The letter also said that in addition to the Safe Environment Process Administrator and Coordinator at the Chancery level, there are approximately 150 local level Safe Environment coordinators working in parishes, schools and other Catholic organizations throughout the diocese “to help keep our youth and vulnerable adults safe by administering the Safe Environment process to employees and volunteers.” The majority of these local level coordinators are laity.
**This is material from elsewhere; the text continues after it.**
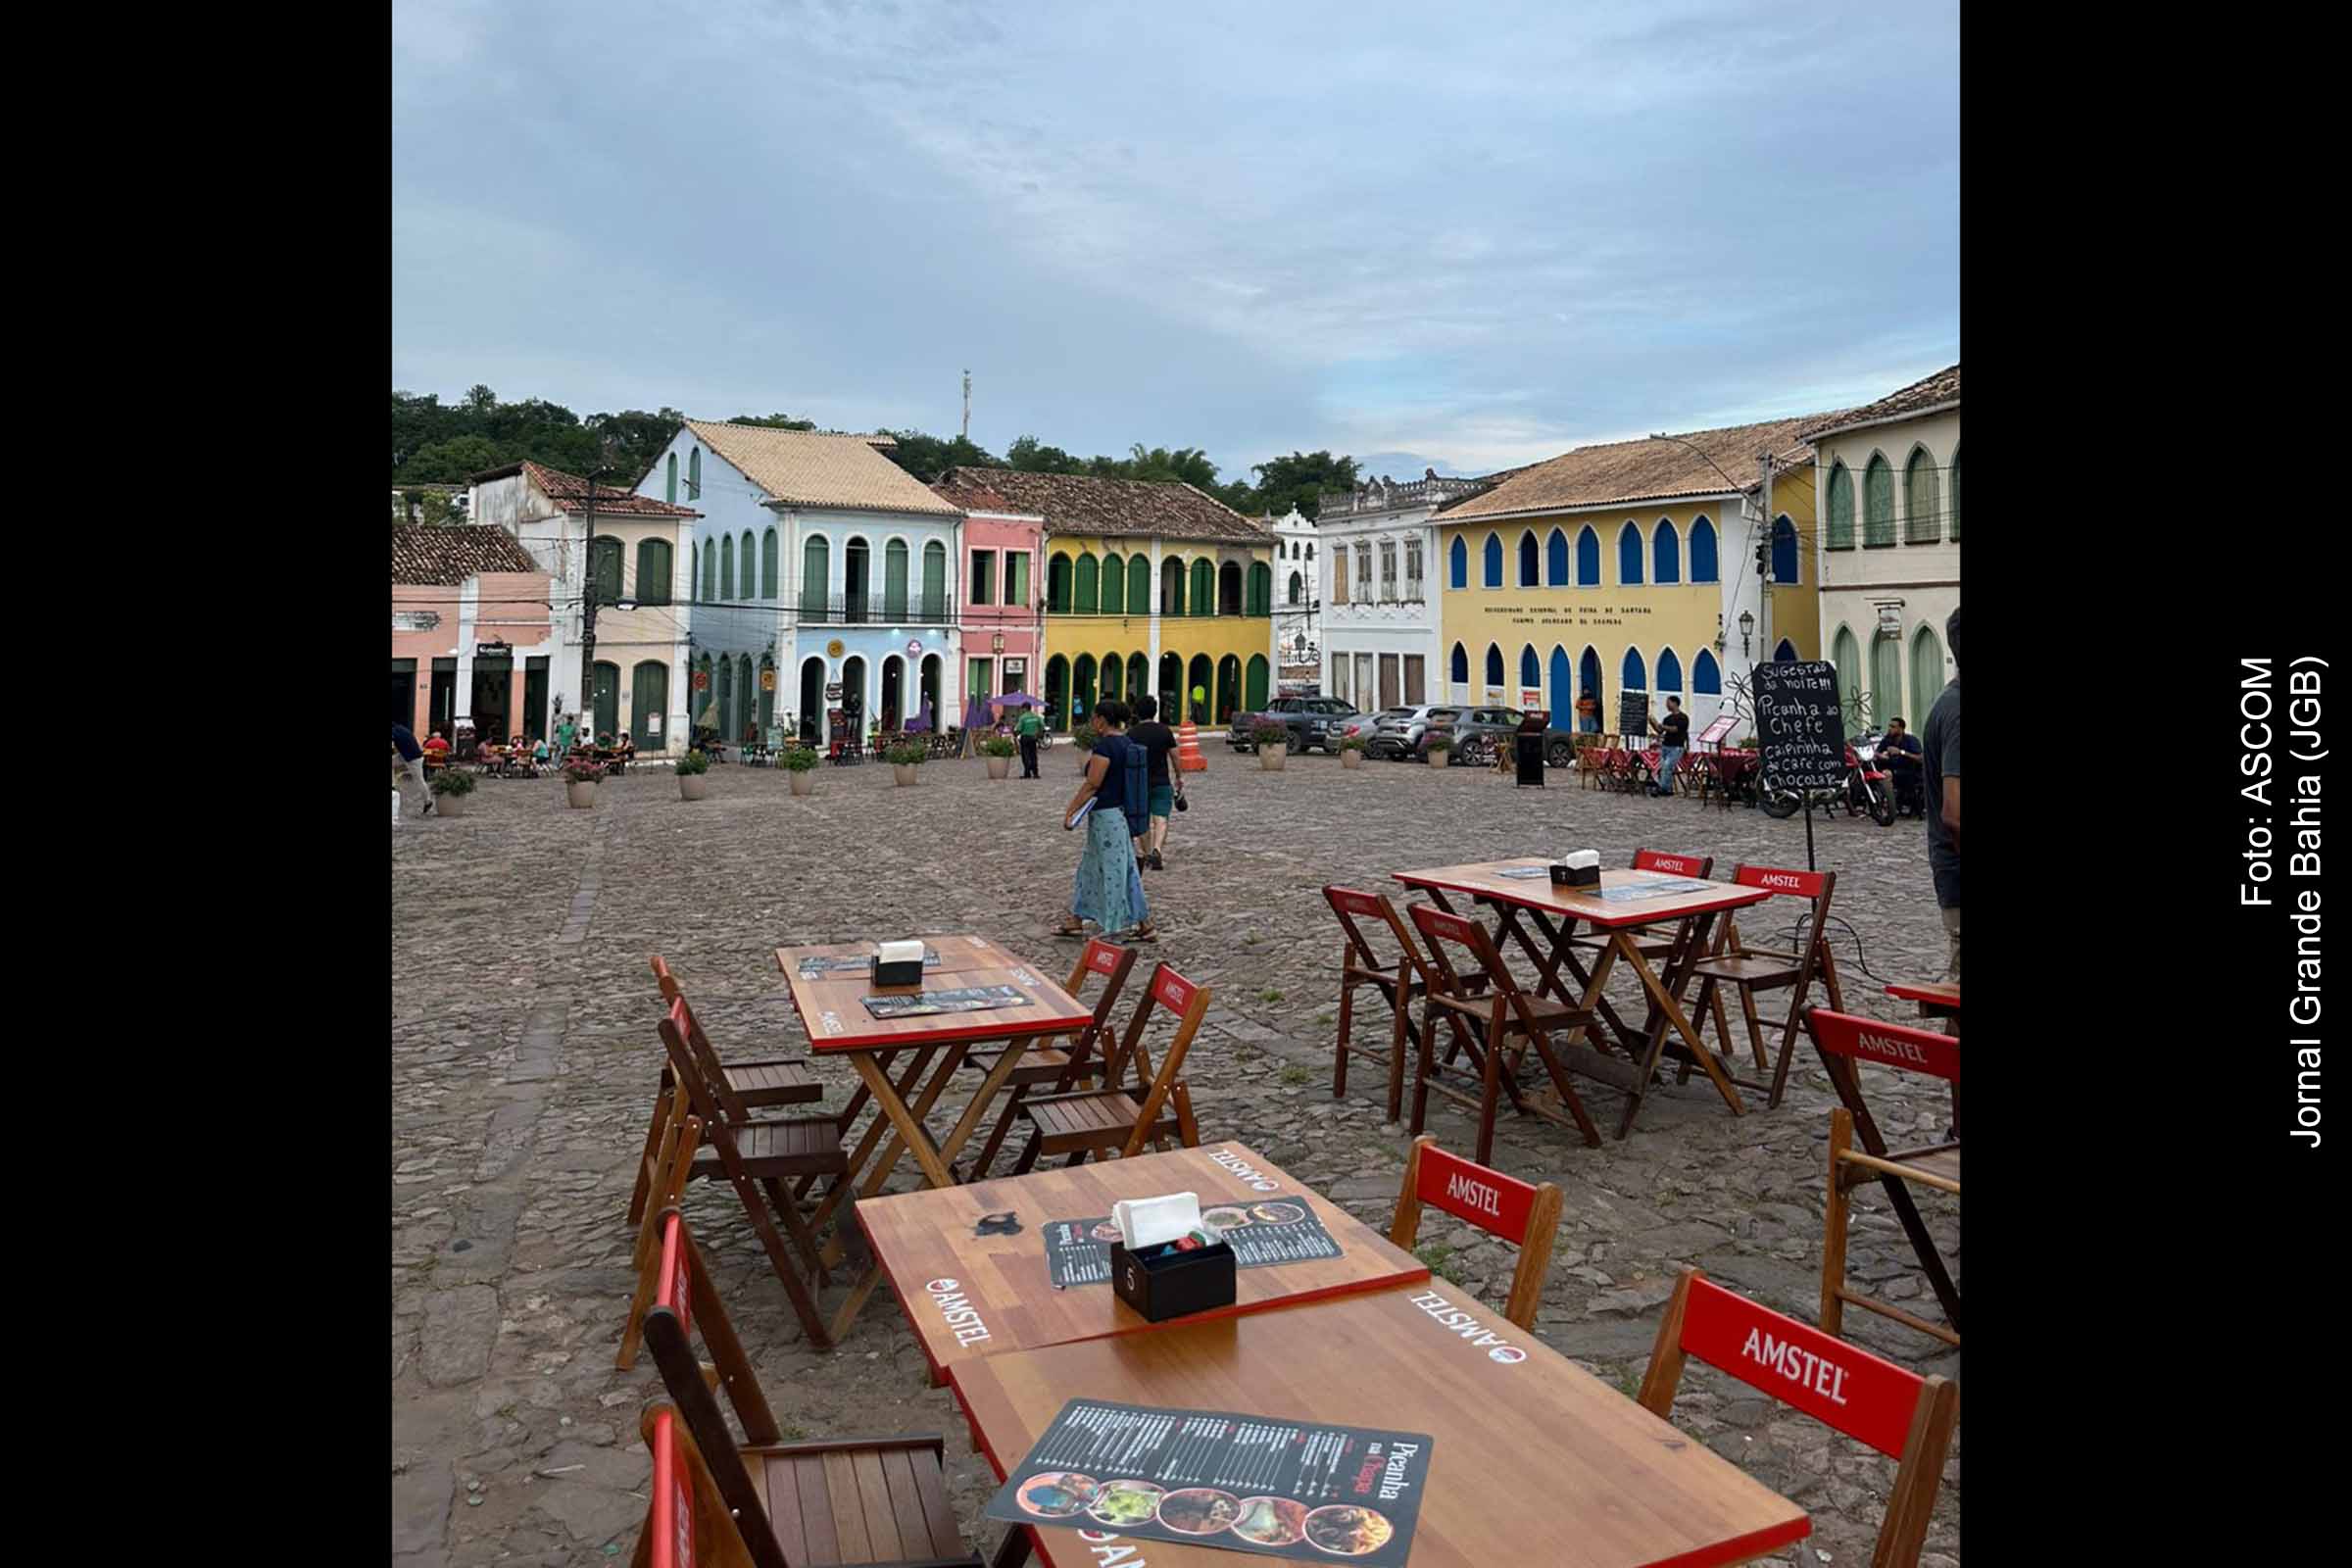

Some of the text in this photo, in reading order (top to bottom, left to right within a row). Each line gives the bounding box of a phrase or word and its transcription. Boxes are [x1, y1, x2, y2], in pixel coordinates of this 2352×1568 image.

As of 2016, the Diocese of Wheeling-Charleston implemented a new diocesan-wide software platform called the ParishSoft Safe Environment Program Manager to track and document compliance for employees and volunteers. “Implementation of the software was designed to improve accuracy and efficiency and promote uniformity and expediency in verifying a person’s status relative to Safe Environment compliance,” the letter stated.
Also emphasized was that the diocese encourages reporting to civil authorities first and foremost.
The letter was sent to all parishes and clergy of the diocese. Printed copies were available to congregants when they arrived for weekend Masses.
“You, the faithful across our state, are living models of Christ through your commitment to spreading the Gospel, helping the least among us and supporting Catholic education,” the letter said. “You place your faith, not only in God, but in the Diocese to do the same. This is not something we take lightly and we strive each day to fulfill the commitment we have made to you.”